You have to make a decision about who Jesus was.  And no matter what the Buddhists, Hindus, and Islamits, and Atheists say about Him, however flattering it may be, they ignore what the Gospels claim Jesus said about Himself -  that He and the Father are One.   He is the Word of the Father, who took on flesh so that we may know the Father through Him.   Because of Christ, we can have a personal relationship with God and actually call Him our Father.  Before Christ, no one anywhere contemplated the One God as their Father, as being a father implies an incredibly personal relationship.  A father loves his children more than he loves himself.   We were once estranged from God, but through Christ we can be reunited with Him.

Again, let’s set aside arguments for or against whether or not Jesus was God, and simply look at the implications of each statement as if it were true. 

First, if Christ wasn’t God it must mean at least one of the following is true:

  1. Jesus was a fraud and used elaborate tricks to deceive everyone around Him

  2. The apostles were frauds and lied about Jesus’ words and  His resurrection as well as used elaborate tricks to deceive the people around them


Both cases require extreme amounts of self-deception, and an unfathomable magnitude of coordination to pull off the multitude of hoax miracles that Christ, the apostles, and the saints are purported to have performed over the decades.   Additionally, the complete lack of motivation for them to go about creating the hoax of Christianity adds to the implausibility.  Why would Paul, for example, who was in the jewish high society and was an aggressive persecutor of Christians, give up his high status and affluent life to lie about his claim to have met the risen Christ on the road to Damascus? Why would he dedicate the rest of his life to living in poverty, imprisonment, abuse, and ultimately suffering martyrdom for what he knew was a lie?   Why did all the apostles do the same?  And how did they perform so many purported miracles?  And these were not simple parler trick miracles either.  They were raising people from the dead, healing people from their decades old infirmities, and manifesting natural events like earthquakes to destroy prison cells so they could walk out, being burned at the stake and having the flames cause them no harm, just to name a few. 

It could be the case that Christ was false, but if He were,  then it wouldn’t get us any closer to understanding the nature of the greater Mind that created the material universe.   Rather than providing some answers, it would just add more seemingly unresolvable questions.

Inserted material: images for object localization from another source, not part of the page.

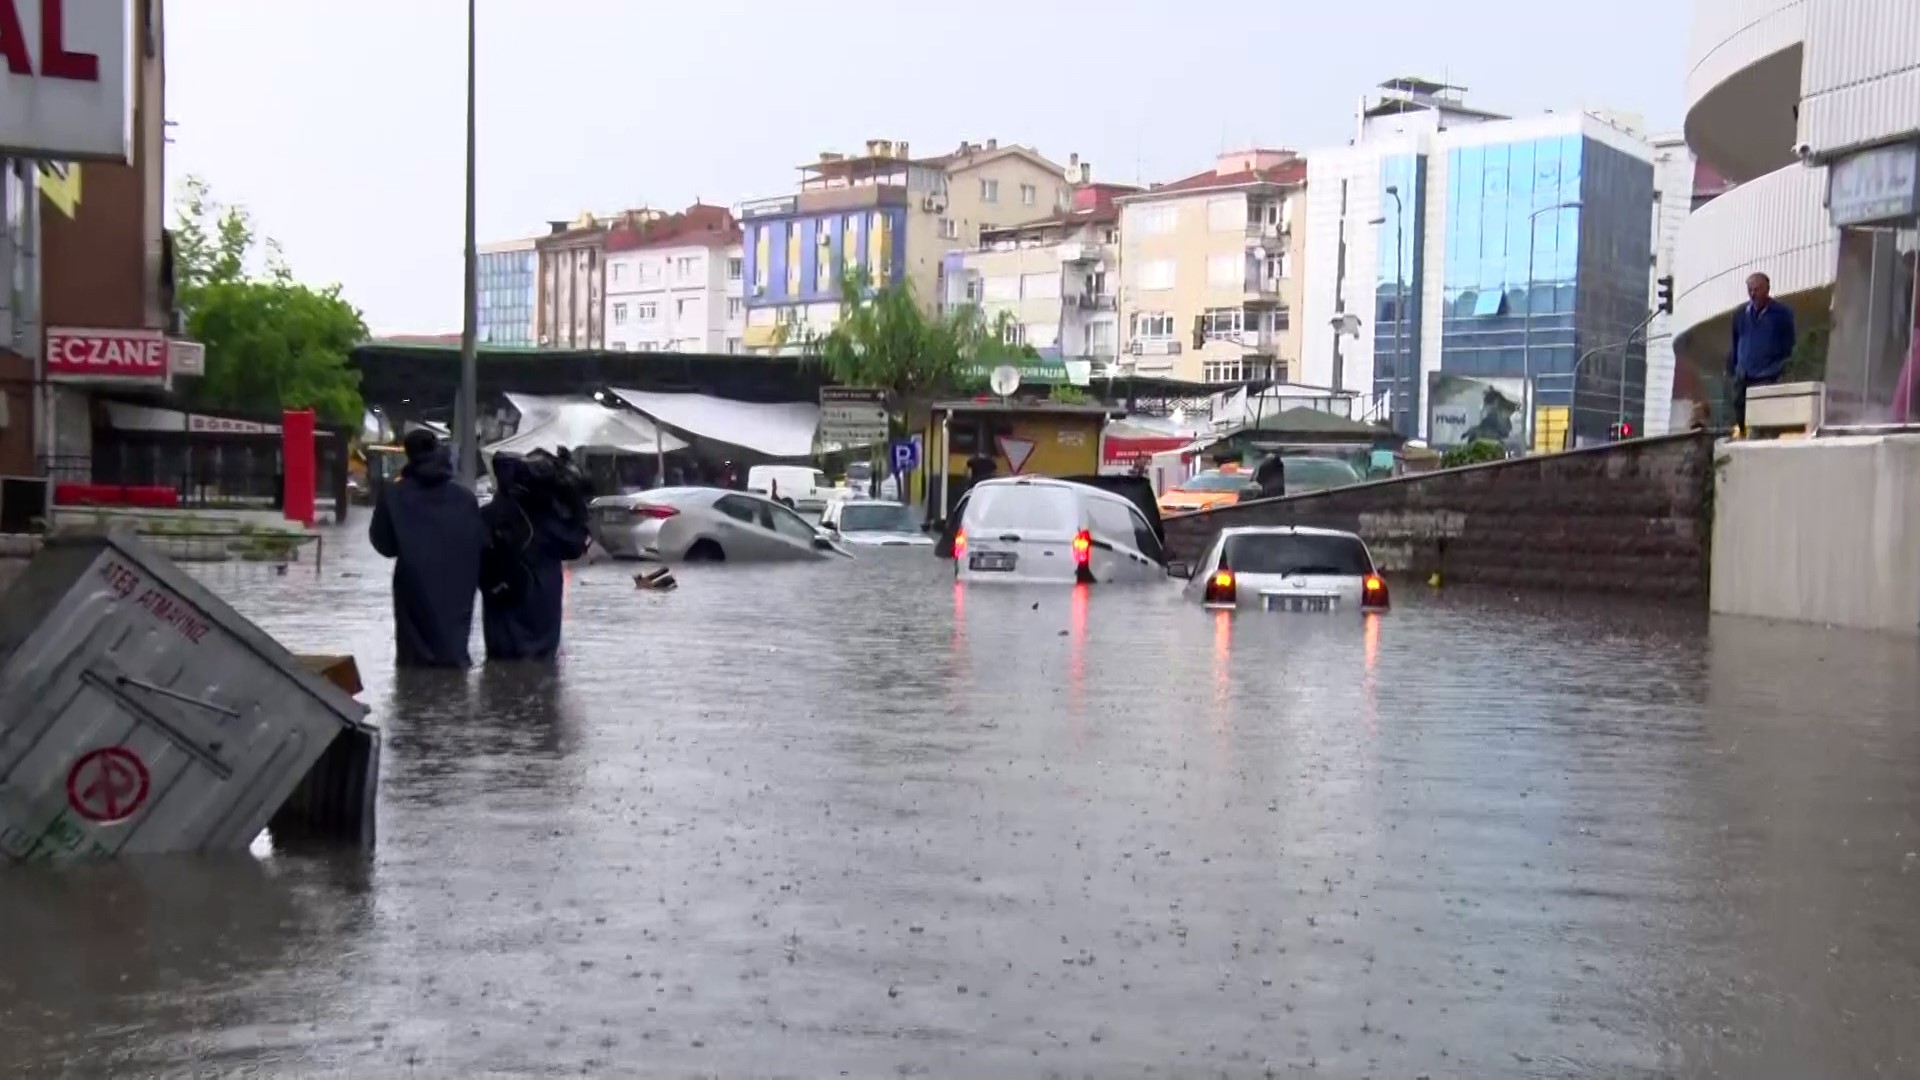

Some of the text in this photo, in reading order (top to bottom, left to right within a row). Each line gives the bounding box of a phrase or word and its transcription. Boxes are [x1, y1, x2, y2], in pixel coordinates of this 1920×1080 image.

[47, 337, 163, 367] ECZANE
[1435, 412, 1467, 425] mavi
[895, 444, 911, 469] P
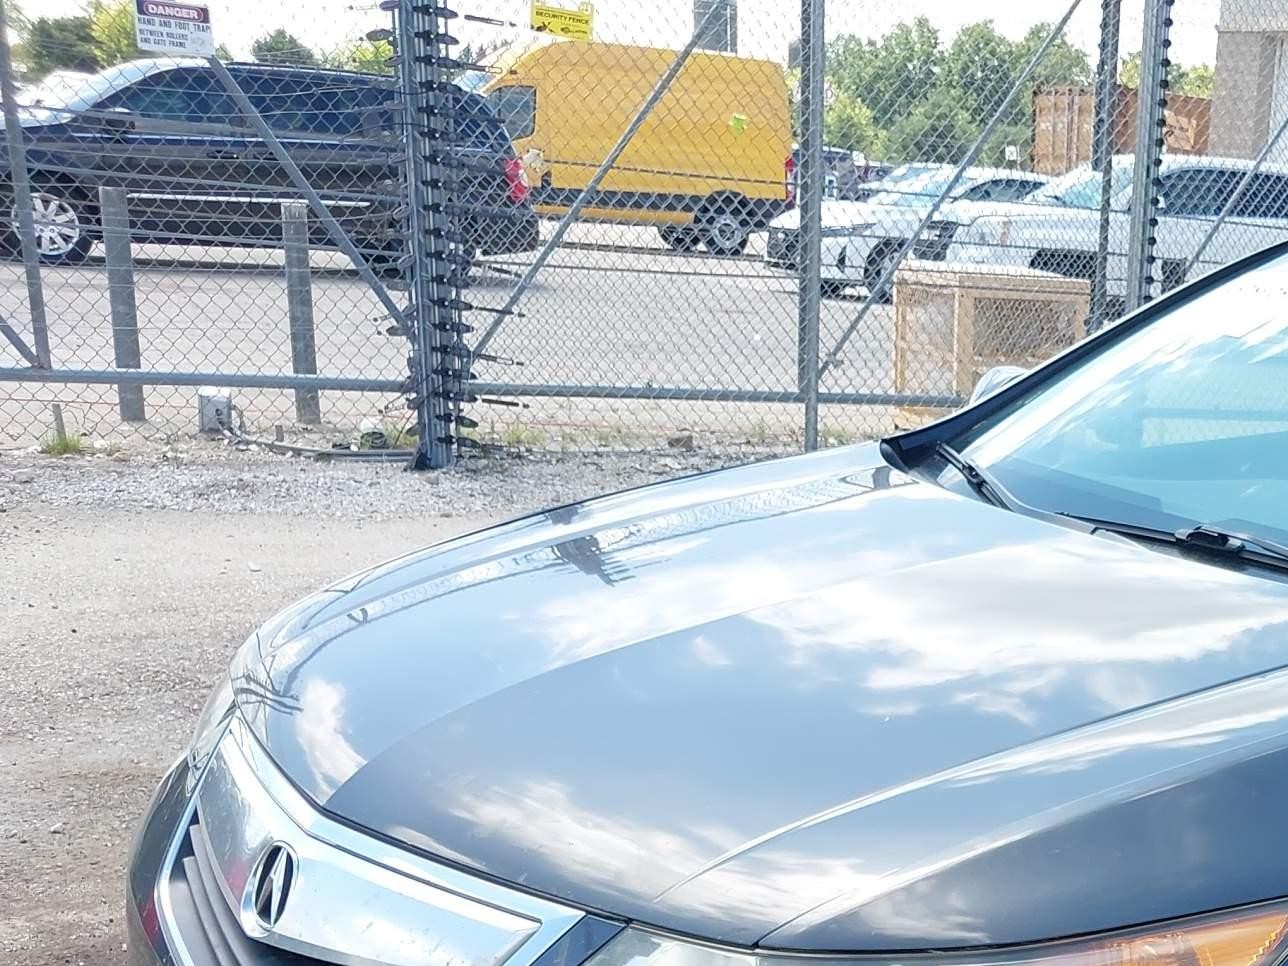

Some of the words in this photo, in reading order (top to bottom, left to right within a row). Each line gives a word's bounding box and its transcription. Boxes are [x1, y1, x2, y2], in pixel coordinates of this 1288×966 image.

[148, 4, 199, 19] DANGER
[536, 11, 568, 22] SECURITY
[569, 17, 589, 25] FENCE
[138, 17, 156, 27] HAND
[159, 20, 172, 29] AND
[175, 22, 190, 31] FOOT
[193, 24, 210, 33] TRAP
[139, 29, 164, 38] BETWEEN
[154, 38, 166, 46] GATE
[169, 40, 186, 48] FRAME

But, if we take Christ at His word, then the Mind that purposely created the material universe is personal.  He created you with purpose, intervenes directly into the material world, and invites us into a personal relationship with Him.    Once you accept this premise, then so many contradictions, paradoxes, cognitive dissonances, and questions whose only logical answers end in despair, all begin to fall away.   Like a jigsaw puzzle that you could never fit together because you didn’t know the picture you were trying to make.   Once when you see the picture, then all the sudden all the pieces begin to fit.   

Our existence, our consciousness, our fallen nature, our purpose, the otherwise inexplicable miracles, the meaning of suffering, the reality of beauty, fundamental axioms of science; they become illuminated when you look at it through the point of view that Christ is the Living, personal God.  It is like Lewis said: “it is by Christianity I see the world.”   It is not direct evidence alone that I believe in Christ, but the light of the risen Christ illuminates the world so I may comprehend it. 

So what is the purpose of your life?  Ask Christ and pay attention.  We all have many parts to play - , some great, some small.  But ultimately and singularly, our purpose is to be loved by our Father and to love Him back.  To quote Nat King Cole: “the greatest thing you’ll ever learn is just to love and be loved in return.”